> [What is needed]:
Give back exactly the lines from the one that holds "this 1920×1280 image." through the final line of the data; omit the pictures and add nothing.

--- --- ---

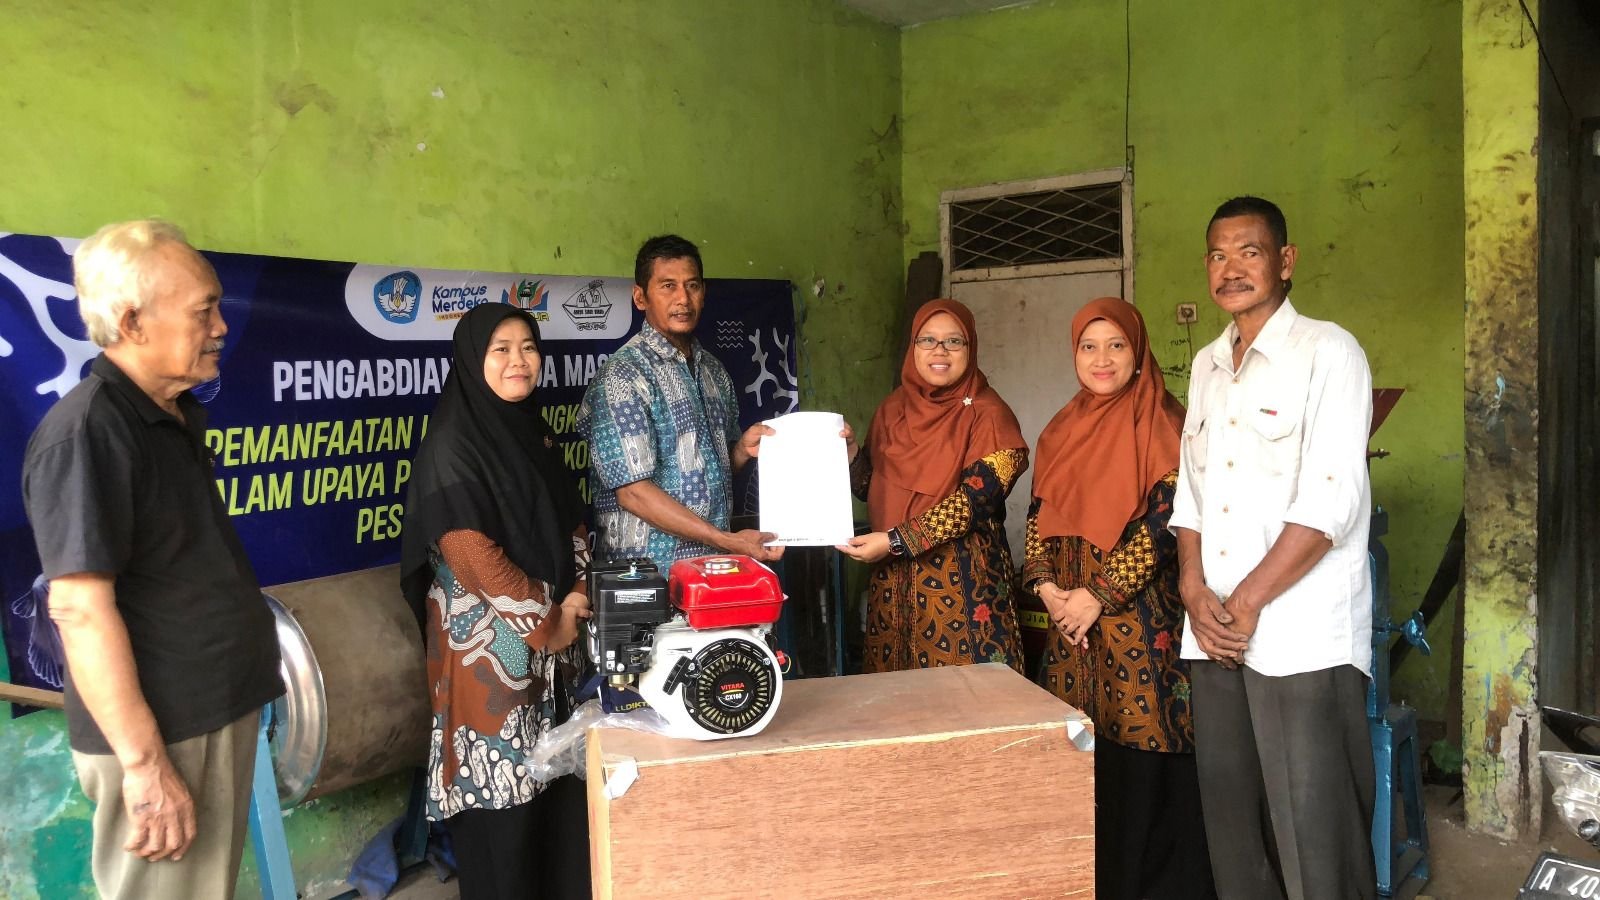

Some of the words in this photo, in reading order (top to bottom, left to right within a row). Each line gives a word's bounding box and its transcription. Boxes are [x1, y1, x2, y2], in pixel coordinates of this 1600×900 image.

[432, 285, 487, 301] Kampus
[205, 415, 414, 467] PEMANFAATAN
[303, 462, 385, 506] UPAYA
[720, 682, 745, 691] VITARA
[1538, 867, 1557, 891] A
[1567, 875, 1600, 900] 40
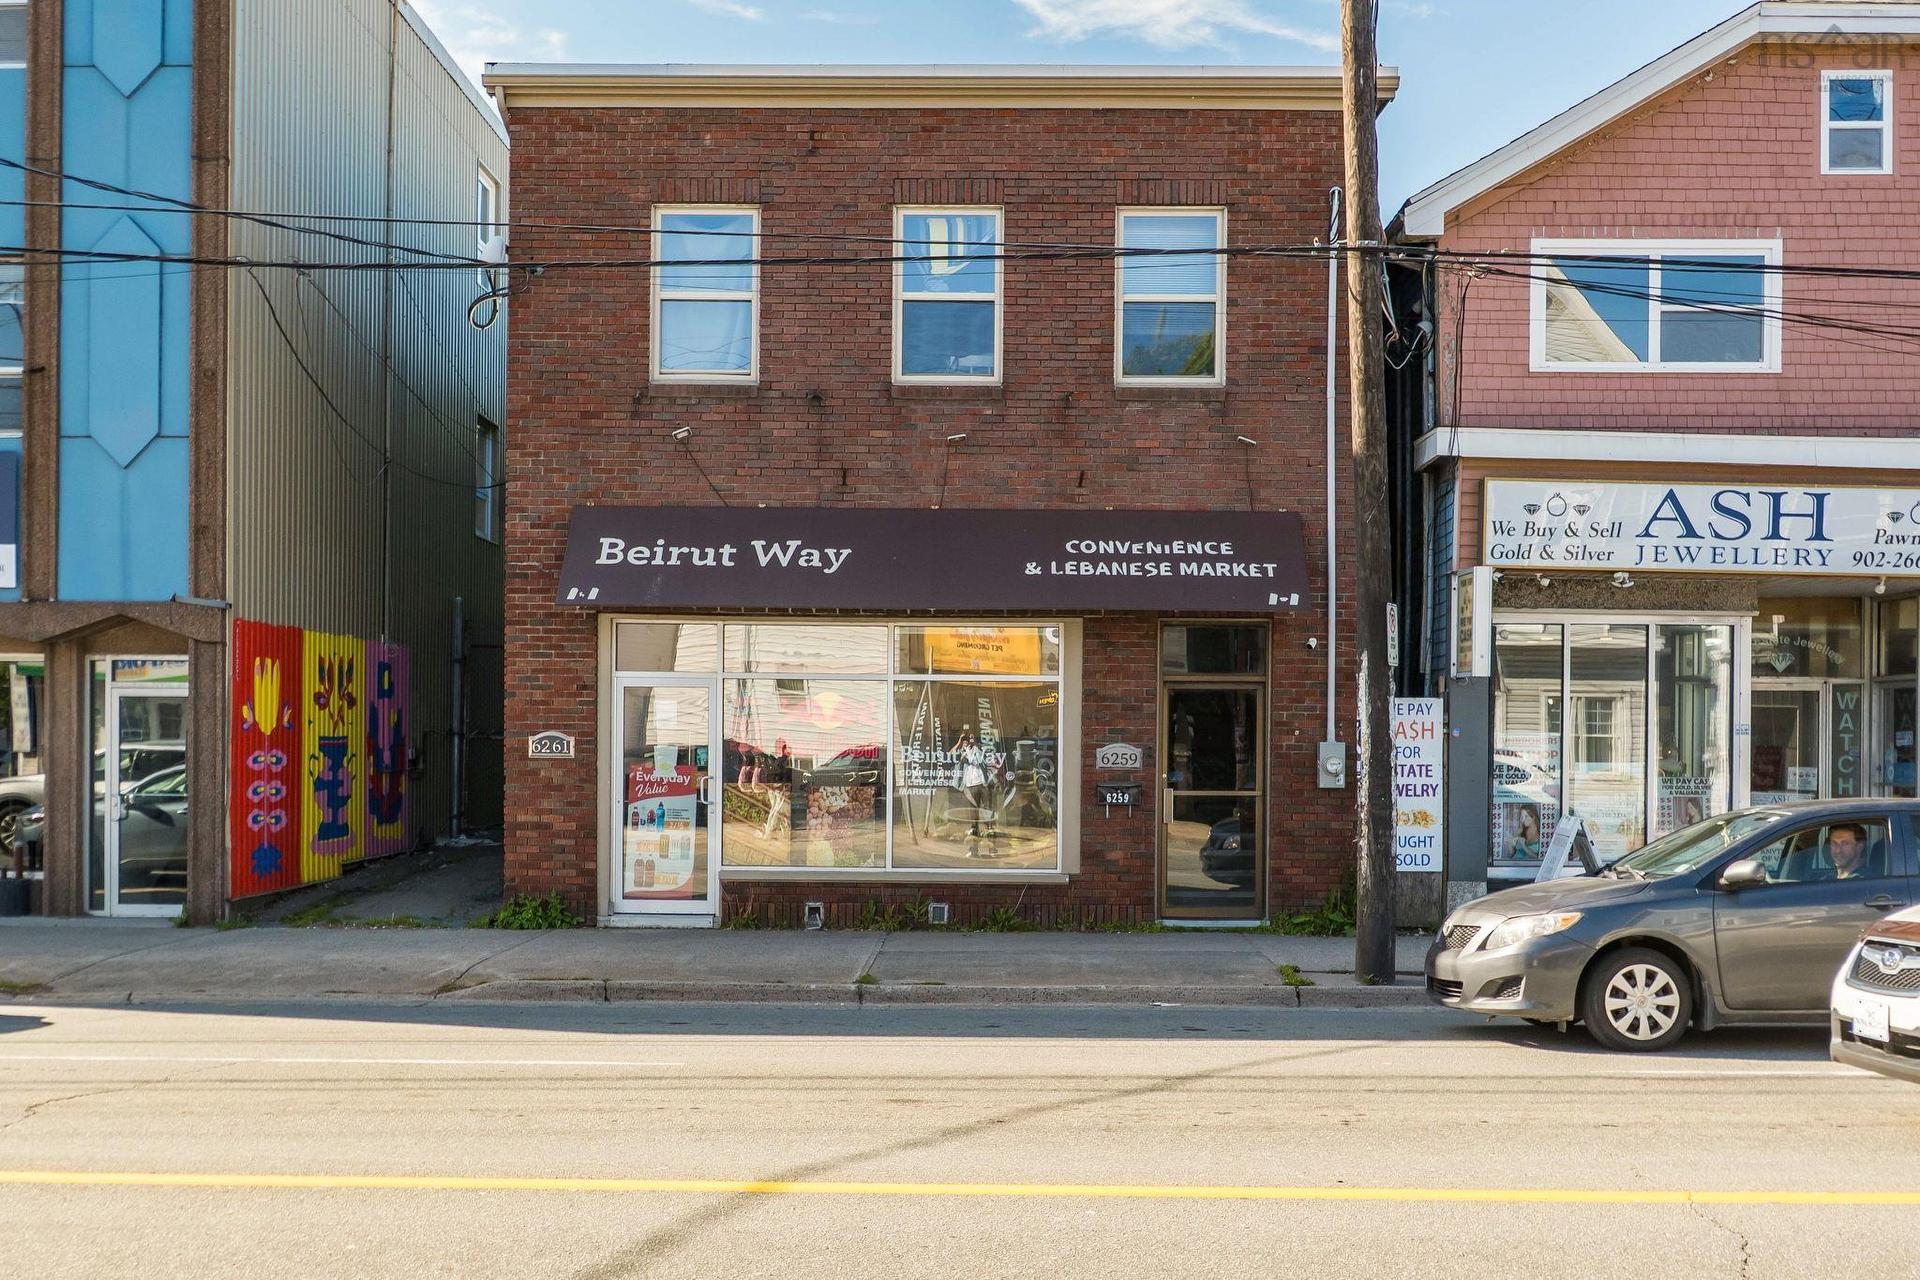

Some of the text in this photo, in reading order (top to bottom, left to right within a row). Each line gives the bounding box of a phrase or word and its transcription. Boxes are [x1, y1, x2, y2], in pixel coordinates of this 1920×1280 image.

[1635, 488, 1834, 542] ASH
[1491, 520, 1623, 542] We Buy & Sell
[1065, 540, 1234, 555] CONVENIENCE
[1490, 543, 1615, 561] Gold & Silver
[595, 537, 852, 574] Beirut Way
[1635, 545, 1833, 567] JEWELLERY
[1024, 561, 1278, 578] & LEBANESE MARKET
[1408, 703, 1433, 716] PAY
[1395, 720, 1434, 742] A$H
[532, 739, 570, 753] 6261
[1395, 746, 1421, 759] FOR
[900, 745, 960, 763] Beirut
[1101, 752, 1138, 766] 6259
[1396, 764, 1433, 778] TATE
[1507, 764, 1526, 773] PA
[1661, 777, 1674, 785] WE
[1676, 777, 1693, 785] PAY
[635, 783, 669, 798] Value
[898, 788, 937, 796] MARKET
[1106, 792, 1129, 803] 6259
[1396, 783, 1440, 798] WELRY
[1398, 835, 1435, 849] UGHT
[1396, 853, 1431, 867] SOLD
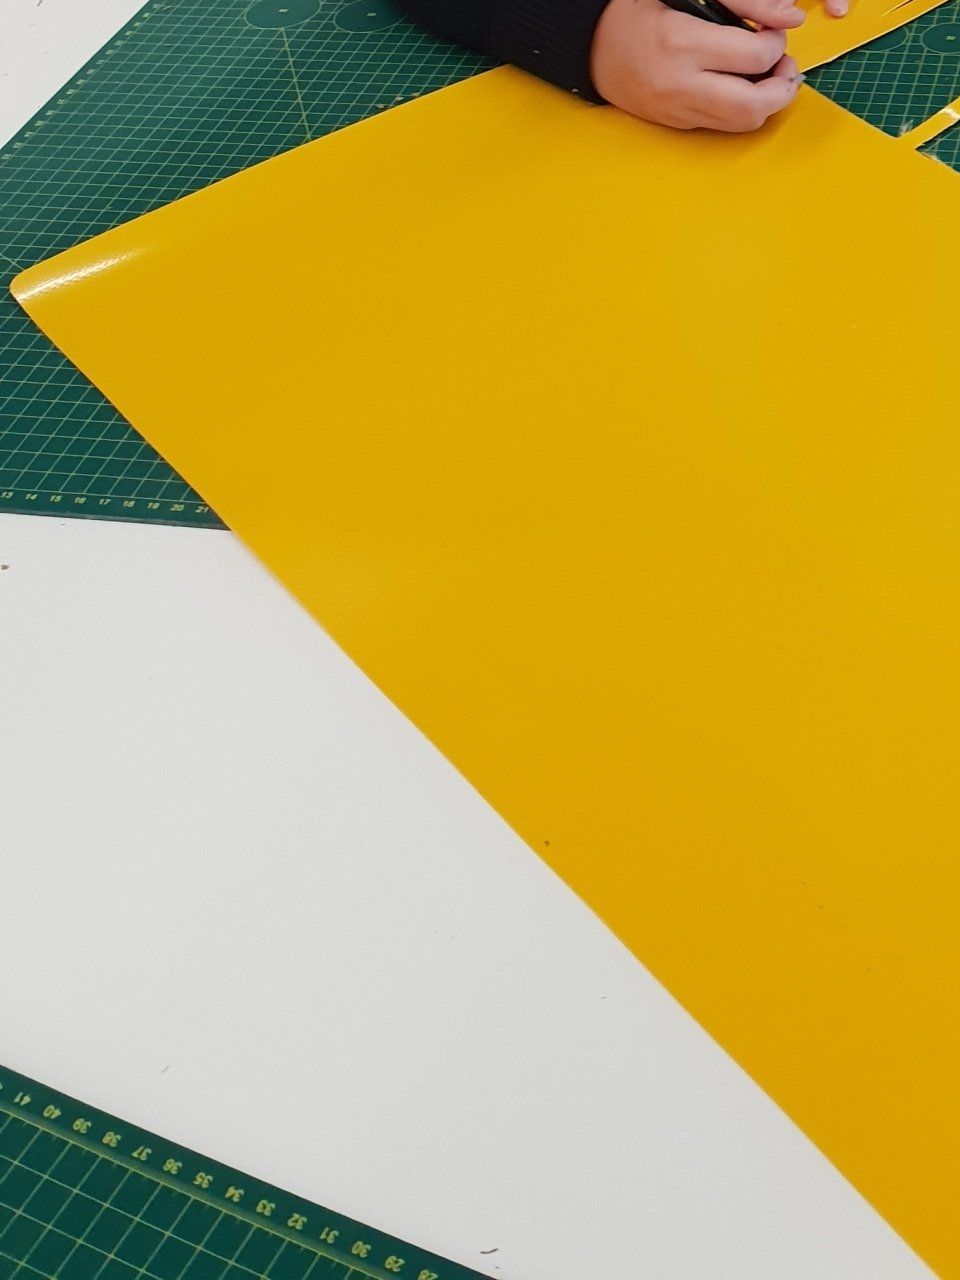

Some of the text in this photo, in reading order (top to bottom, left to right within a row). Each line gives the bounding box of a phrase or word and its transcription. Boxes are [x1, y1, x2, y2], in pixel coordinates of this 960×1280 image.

[14, 1092, 31, 1107] 41
[43, 1105, 61, 1119] 40
[132, 1146, 151, 1161] 37
[163, 1158, 182, 1175] 36
[194, 1172, 213, 1189] 35
[225, 1185, 244, 1203] 34
[287, 1213, 307, 1230] 32
[320, 1227, 339, 1243] 31
[351, 1241, 371, 1258] 30
[384, 1256, 405, 1272] 29

--- --- ---

> [Worked solution]:
Some of the text in this photo, in reading order (top to bottom, left to right within a row). Each line gives the bounding box of a phrase or word and its transcription. Boxes are [x1, y1, x2, y2], in pixel coordinates of this 1920×1280 image.

[1635, 488, 1834, 542] ASH
[1491, 520, 1623, 542] We Buy & Sell
[1065, 540, 1234, 555] CONVENIENCE
[1490, 543, 1615, 561] Gold & Silver
[595, 537, 852, 574] Beirut Way
[1635, 545, 1833, 567] JEWELLERY
[1024, 561, 1278, 578] & LEBANESE MARKET
[1408, 703, 1433, 716] PAY
[1395, 720, 1434, 742] A$H
[532, 739, 570, 753] 6261
[1395, 746, 1421, 759] FOR
[900, 745, 960, 763] Beirut
[1101, 752, 1138, 766] 6259
[1396, 764, 1433, 778] TATE
[1507, 764, 1526, 773] PA
[1661, 777, 1674, 785] WE
[1676, 777, 1693, 785] PAY
[635, 783, 669, 798] Value
[898, 788, 937, 796] MARKET
[1106, 792, 1129, 803] 6259
[1396, 783, 1440, 798] WELRY
[1398, 835, 1435, 849] UGHT
[1396, 853, 1431, 867] SOLD

Some of the text in this photo, in reading order (top to bottom, left to right within a row). Each line gives the bounding box of a phrase or word and its transcription. Boxes are [x1, y1, x2, y2], in pixel coordinates of this 960×1280 image.

[14, 1092, 31, 1107] 41
[43, 1105, 61, 1119] 40
[132, 1146, 151, 1161] 37
[163, 1158, 182, 1175] 36
[194, 1172, 213, 1189] 35
[225, 1185, 244, 1203] 34
[287, 1213, 307, 1230] 32
[320, 1227, 339, 1243] 31
[351, 1241, 371, 1258] 30
[384, 1256, 405, 1272] 29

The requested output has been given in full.